Custom ggplot2 themes work by modifying a nested list of element_*() specification objects (theme() returns a theme object that's really a named list of drawing instructions — line widths, colors, margins) that gets merged with the currently active default theme via inheritance rules: each element can inherit unset properties from a parent element (e.g. axis.text inherits from text unless overridden), resolved at render time by walking this inheritance graph before any pixel is drawn. This is why setting text = element_text(family = "serif") cascades to axis labels, titles, and legends simultaneously — they're all descendants in that same inheritance tree.

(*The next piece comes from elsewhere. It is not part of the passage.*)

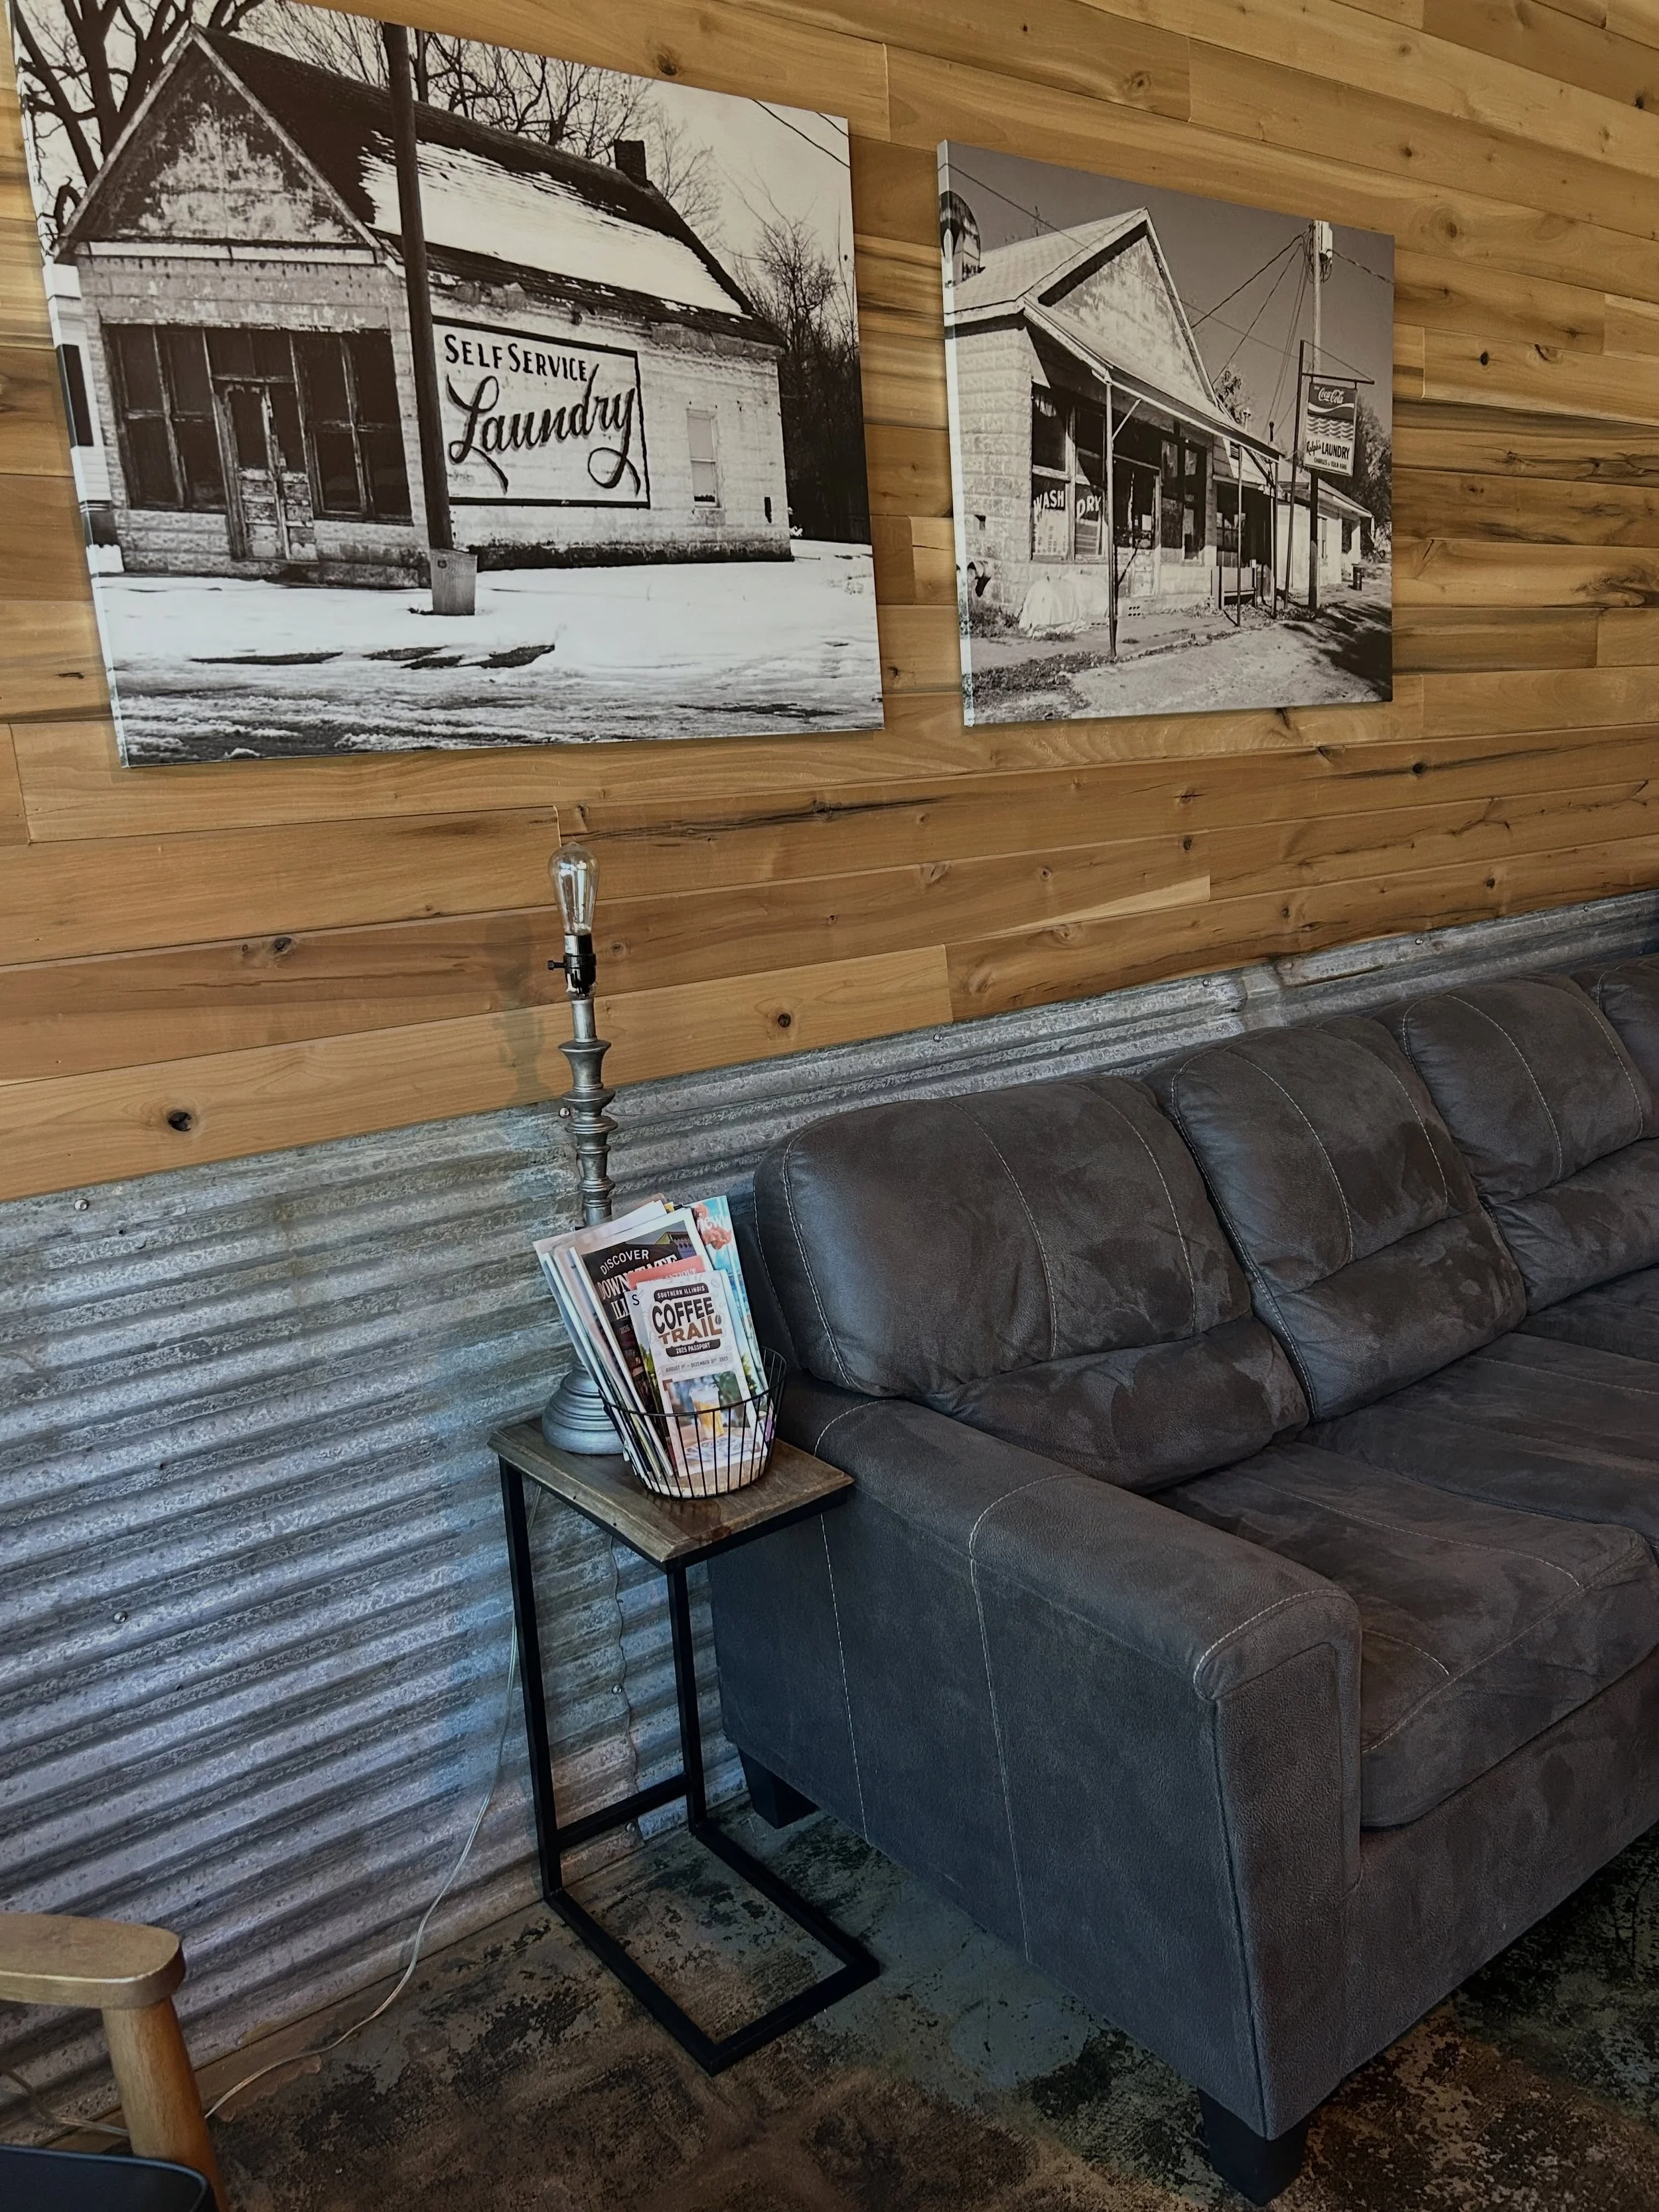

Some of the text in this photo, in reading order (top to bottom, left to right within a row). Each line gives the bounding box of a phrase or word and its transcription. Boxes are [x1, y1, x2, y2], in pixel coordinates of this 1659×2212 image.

Faceting (facet_wrap()/facet_grid()) works by first computing, from your faceting variable(s), the full set of unique panel combinations and their layout grid position, then re-running the entire per-layer stat/scale/geom rendering pipeline (from Module 4) independently within each panel, but sharing scale ranges across panels by default so panels stay visually comparable — that shared-scale computation is why faceting a plot with scales = "free" renders noticeably differently: each panel gets its own independently-computed axis range instead of one global one.

Exercise

  1. Take the sales tibble above and facet it by region with scales = "free_y" — compare the result to the shared-scale default and note when each is the better choice.
  2. Build a my_theme object with a title, subtitle, and caption styled consistently, and reuse it across two different plots of sales.
  3. Create a factor column with levels "Small", "Medium", "Large" from data where those strings appear in a different order, plot it with geom_bar() unordered vs. explicitly ordered, and compare the two charts.